Immer wieder stellt sich heraus, dass etablierte Praktiken wirkungslos oder sogar kontra-produktiv sind.
Nutzlose Prozeduren halten sich über Jahrzehnte, ohne jeden Nachweis ihrer Effektivität. Sie können den Status heiliger Kühe haben. Bessere Entscheidungsstrategien helfen, sie zu hinterfragen. Sie, wenn sinnvoll, abzuschaffen oder zu verändern. Wie Sie solche Entscheidungsregeln entwickeln, erfahren Sie in Seminaren und Support mit SolidDecisions.
Bezogen auf die Personalauswahl veröffentlichte der US-Forscher Jason Dana 2017 eine Studie. Sie auch in der New York Times, dort mit dem Titel “The Utter Uselessness of Job Interviews”, veröffentlicht.

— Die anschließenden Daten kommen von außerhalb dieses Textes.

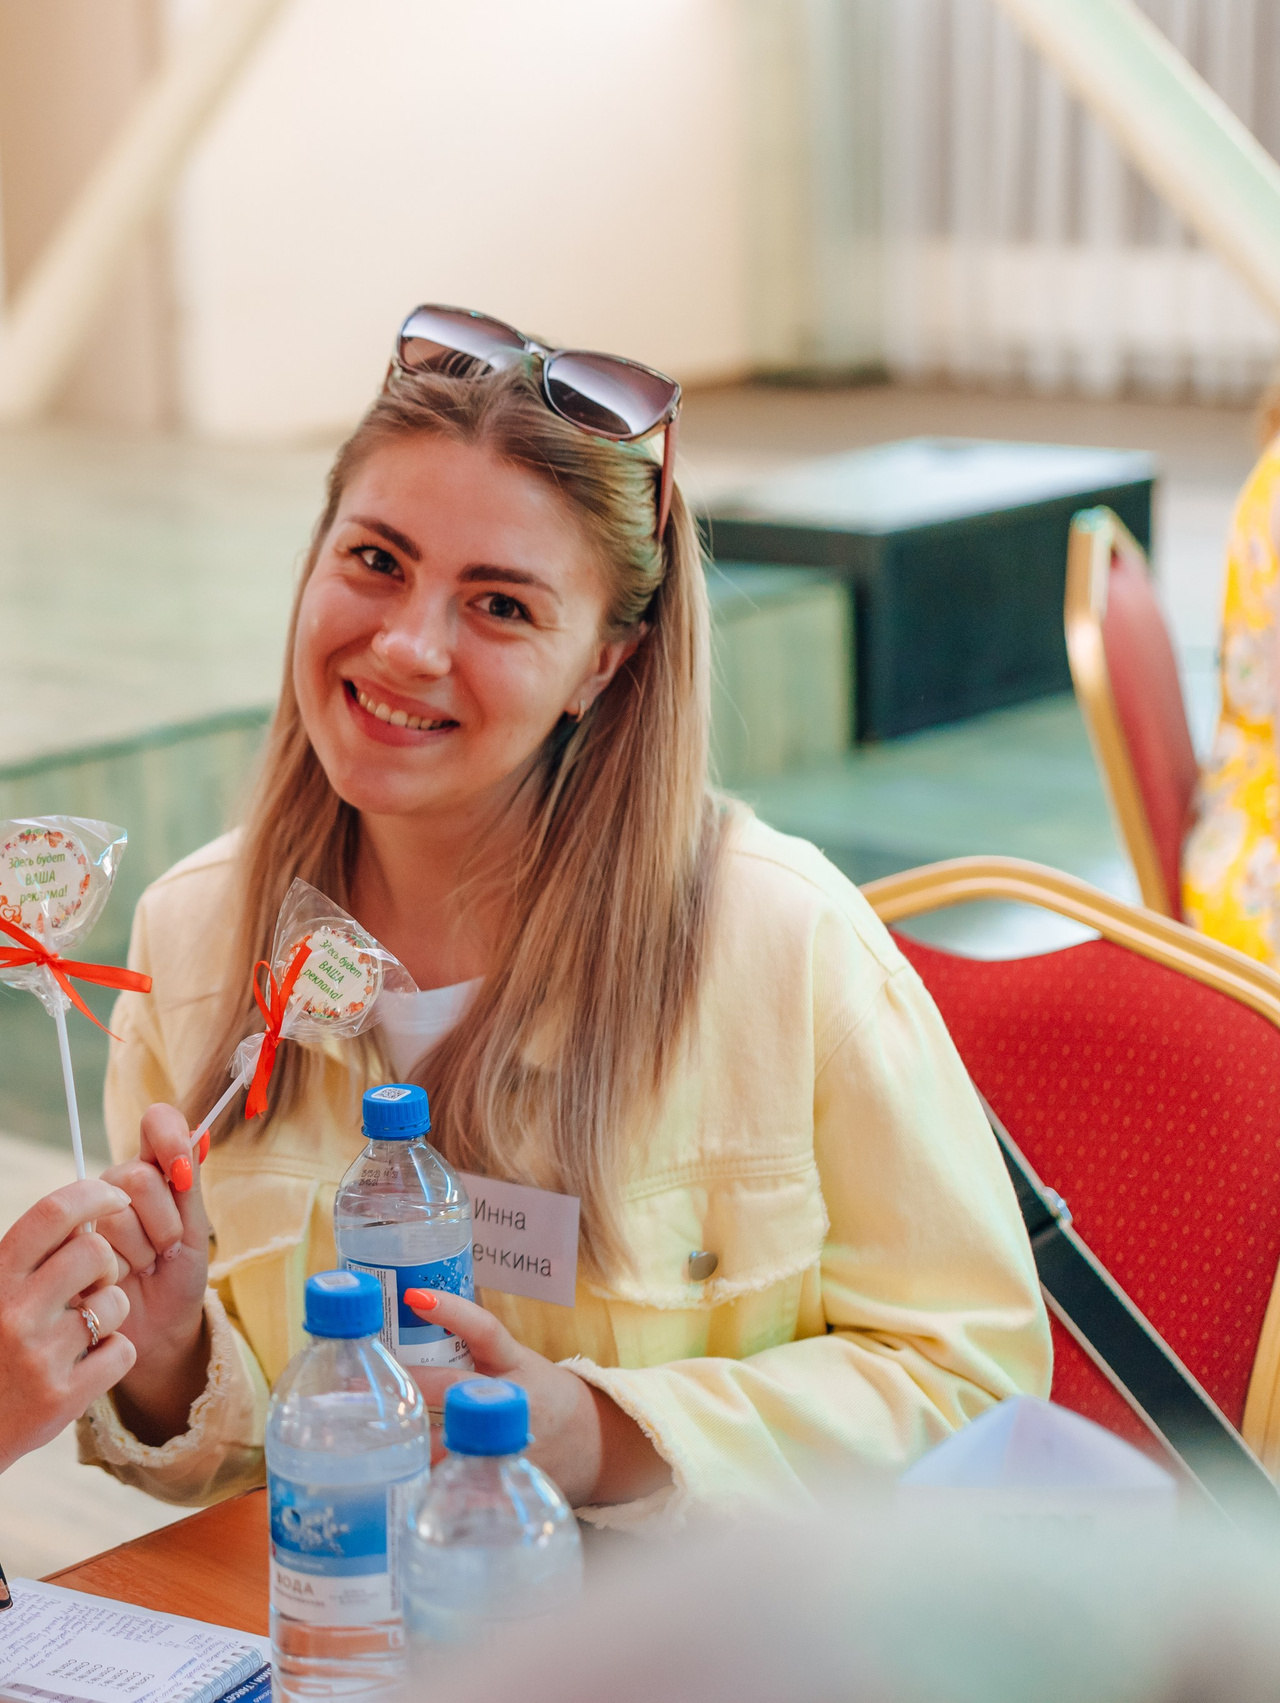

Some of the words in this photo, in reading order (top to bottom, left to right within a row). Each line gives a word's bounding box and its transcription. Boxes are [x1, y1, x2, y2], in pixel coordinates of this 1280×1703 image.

Die Studie ist meines Wissens die Erste, die die Nützlichkeit von Einstellungsinterviews methodisch robust (durch randomisiertes Studiendesign) untersucht. Das Ergebnis: Unstrukturierte Interviews verbessern die Entscheidung nicht gegenüber einer Zufallsauswahl. Statistisch sind sie der Zufallsauswahl sogar leicht unterlegen. Strukturierte Interviews schneiden nur geringfügig besser ab.
Gerade sozialwissenschaftliche Studien werden später oft relativiert oder gar widerlegt. Aber für den Moment ist dies — wie gesagt, nach meinem Wissen — die einzige zu dem Thema, die überhaupt wissenschaftlich solide ist.
Welcher Wert wird wohl — ganz grob — jedes Jahr in der Europäischen Union vernichtet, wenn der Befund korrekt ist? Das Statistische Bundesamt gibt an, dass es in der EU insgesamt 234 (wir runden im Folgenden auf 200 ab) Millionen Erwerbstätige gibt.
Machen wir dazu folgende Annahmen:
- Jede dieser Stellen wird durchschnittlich alle 6 Jahre neu besetzt.
- Für jede Besetzung werden durchschnittlich 3 Kandidaten interviewt.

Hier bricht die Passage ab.